Hace mucho que el país echa de menos un líder que decida ponerse delante de los nueve millones de bolivianos y les conduzca, les seduzca para creer en él y que arrastre a todo el pueblo hacia un proyecto colectivo de país viable y posible, hacia un futuro que a los bolivianos de hoy les permita soñar con un destino mejor.
El presidente Eduardo Rodríguez Veltzé ya lo sugirió hace algunos días: aspira a dejar un ambiente de tregua social para asegurar elecciones libres e imparciales, pero deja en manos de los candidatos que traten, confrontando ideas, temas tan trascendentales como la Asamblea Constituyente, el aprovechamiento de los recursos naturales –el gas como materia principal–, las autonomías regionales, y muchas otras cuestiones que deben pasar por un necesario debate entre quienes aspiran a gobernar el país a partir de enero próximo.
Es muy importante que los candidatos a la Presidencia, fuera de las frases hechas, se lancen a discutir públicamente, de cara al pueblo, sobre lo que piensan hacer con cada uno de los asuntos que atañen a la nación. Es la única forma de que el elector pueda saber, con seguridad, adónde debe dirigir su voto.
Las disputas por las encuestas, los ataques verbales a través de los medios, los documentos que producen sus jefes de campaña, no son suficientes para poder establecer cuáles son los candidatos que pueden articular un gran pacto social.
Por lo tanto, el pueblo debe saber, claramente, qué piensa cada uno de los aspirantes sobre lo que se hará con las autonomías regionales, con los hidrocarburos y la nacionalización, pero, también, cómo se llevará a cabo la Asamblea Constituyente, pasando por cambios tan sustantivos como un nuevo tratamiento en los campos étnicos, culturales, de la tierra, del agua y, en fin, asuntos que no se podrán tratar a la ligera y sobre los cuales existe expectativa colectiva.

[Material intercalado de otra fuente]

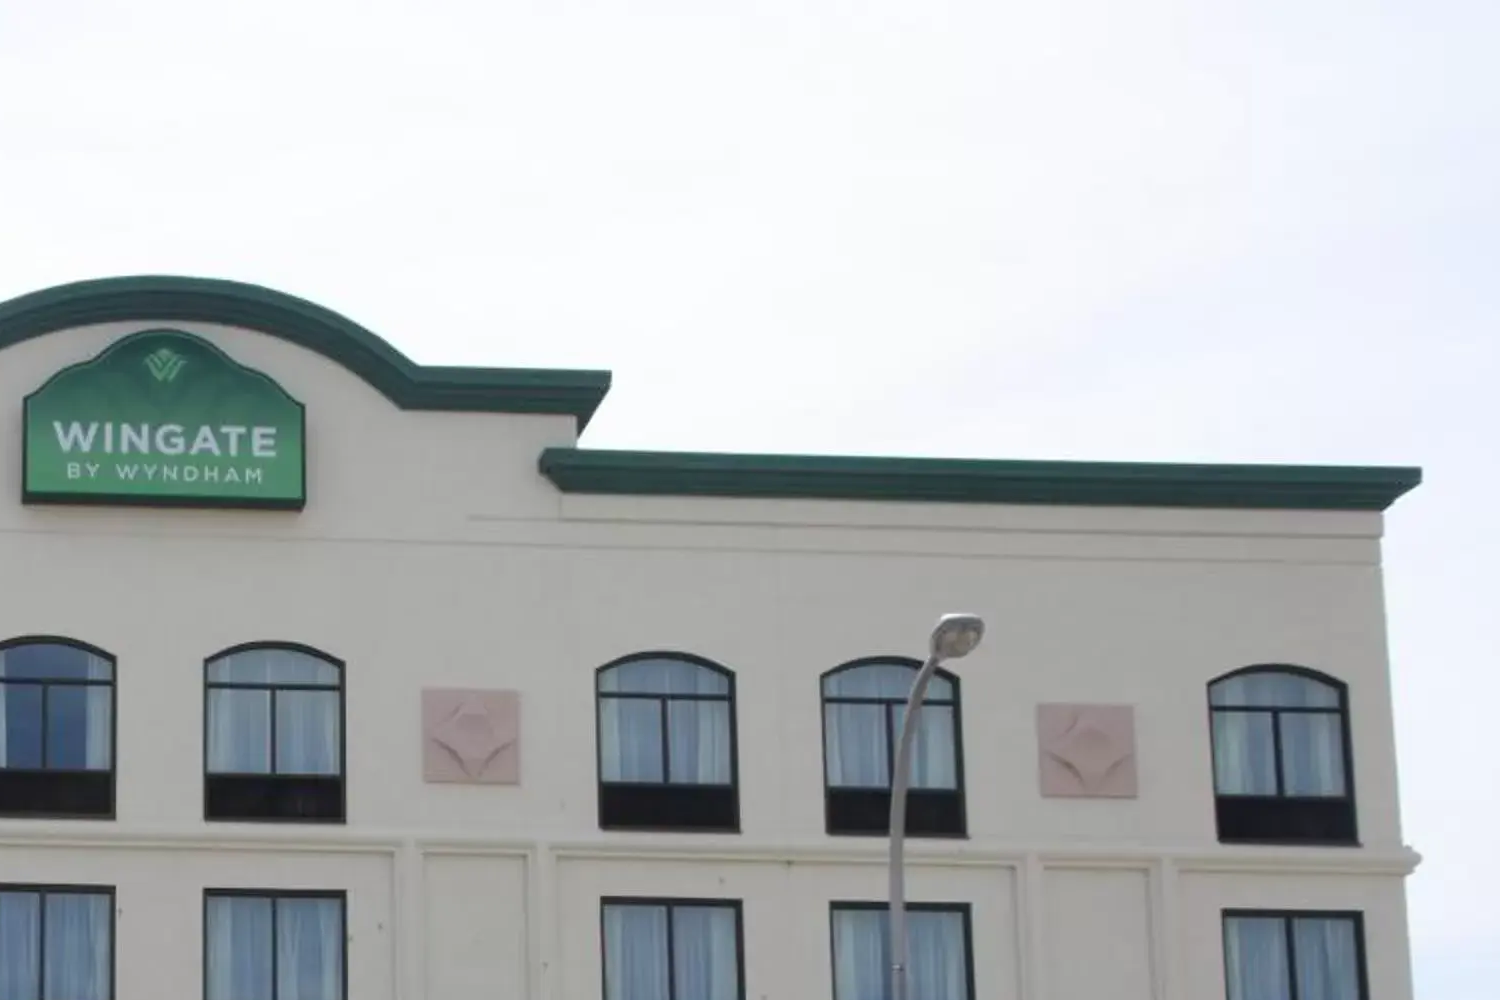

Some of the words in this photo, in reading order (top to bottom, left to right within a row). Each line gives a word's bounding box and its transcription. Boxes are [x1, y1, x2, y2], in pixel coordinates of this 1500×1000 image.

[53, 421, 277, 457] WINGATE
[67, 462, 100, 479] BY
[116, 464, 263, 484] WYNDHAM

Los candidatos tienen que saber cómo van a gobernar mejor, pero, además, tienen que hacérselo saber al país, y no sólo a sus partidarios en las asambleas y mitines. Y tienen que demostrar una visión muy segura en lo que se refiere a las grandes transformaciones que se quieren llevar a cabo y que, aparentemente, van más allá de lo racionalmente posible. Ese es el reto ineludible que tienen los candidatos a la Presidencia y, sobre todo, aquellos que cuentan con mayores posibilidades de ganar. Sólo se espera que el próximo tiempo de debates no sea estéril.
Y como bien hace notar el analista Carlos Toranzo, en su columna del sábado publicada en este diario, hasta ahora quienes han hecho todo tipo de propuestas –criticables, irreales, imposibles, esa es otra discusión– han sido los cívicos, las juntas vecinales, las organizaciones campesinas e indígenas y los sindicatos, pero los partidos se han sumido en el más absoluto silencio, renunciando así a una de sus misiones principales en democracia, cual es la de proponer unas visiones de país y proyectar el destino del mismo hacia el futuro.
Hace mucho que el país echa de menos un líder que decida ponerse delante de los nueve millones de bolivianos y les conduzca, les seduzca para creer en él y que arrastre a todo el pueblo hacia un proyecto colectivo de país viable y posible, hacia un futuro que a los bolivianos de hoy les permita soñar con un destino mejor.
A falta de éste, porque está visto que no lo hay, por lo menos en el presente no lo hay, son los partidos políticos que buscarán votos en la elección de diciembre los que deben cumplir con su misión de hacerle propuestas al país.